** Description of the task **
Return the records exactly as they appear below, omitting the pictures.

(Material supplied begins)

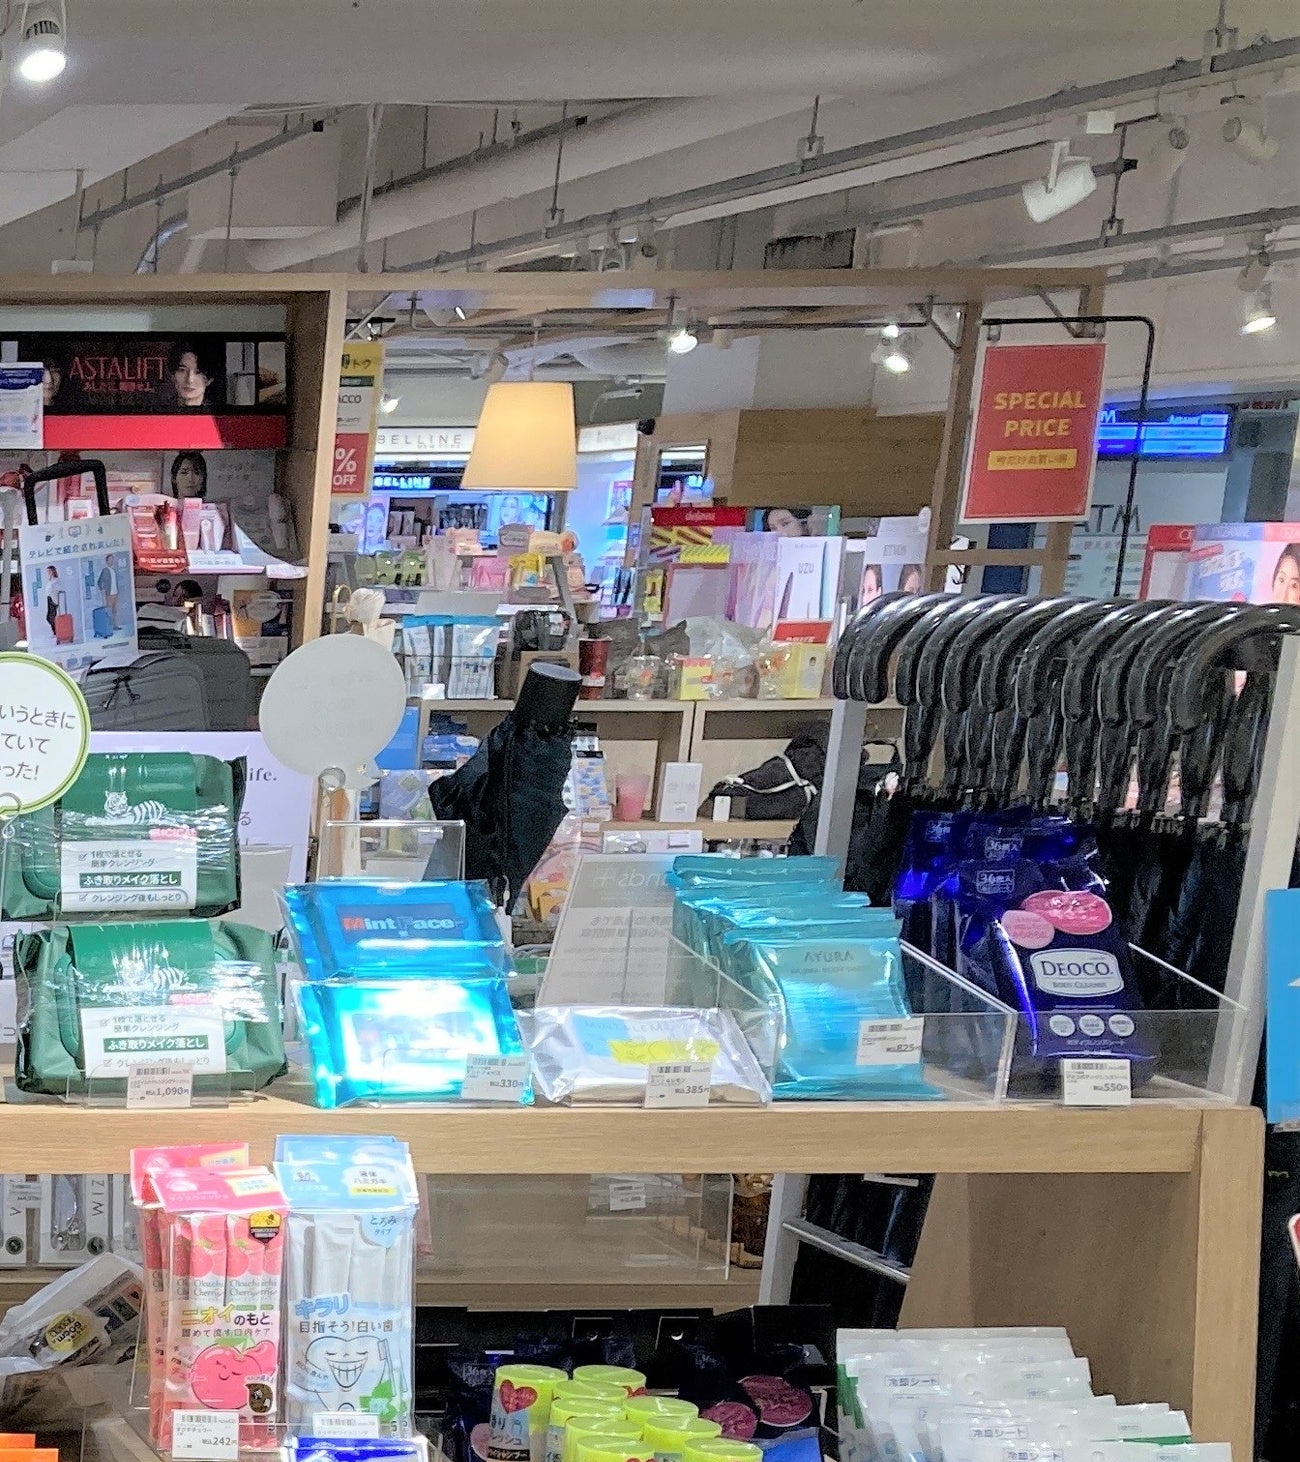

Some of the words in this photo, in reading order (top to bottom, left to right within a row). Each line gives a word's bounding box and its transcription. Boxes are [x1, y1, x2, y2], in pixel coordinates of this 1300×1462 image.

[69, 357, 168, 381] ASTALIFT
[994, 391, 1086, 410] SPECIAL
[1005, 418, 1072, 437] PRICE
[333, 476, 356, 486] OFF
[83, 874, 178, 886] ふき取りメイク落とし
[342, 914, 397, 932] Mint
[1041, 960, 1111, 977] DEOCO
[107, 1038, 205, 1049] ふき取りメイク落とし
[295, 1293, 349, 1320] キラリ

(Material supplied ends)

** Solution for this exercise **
Some of the words in this photo, in reading order (top to bottom, left to right within a row). Each line gives a word's bounding box and its transcription. Boxes are [x1, y1, x2, y2], in pixel coordinates of this 1300×1462 image.

[69, 357, 168, 381] ASTALIFT
[994, 391, 1086, 410] SPECIAL
[1005, 418, 1072, 437] PRICE
[333, 476, 356, 486] OFF
[83, 874, 178, 886] ふき取りメイク落とし
[342, 914, 397, 932] Mint
[1041, 960, 1111, 977] DEOCO
[107, 1038, 205, 1049] ふき取りメイク落とし
[295, 1293, 349, 1320] キラリ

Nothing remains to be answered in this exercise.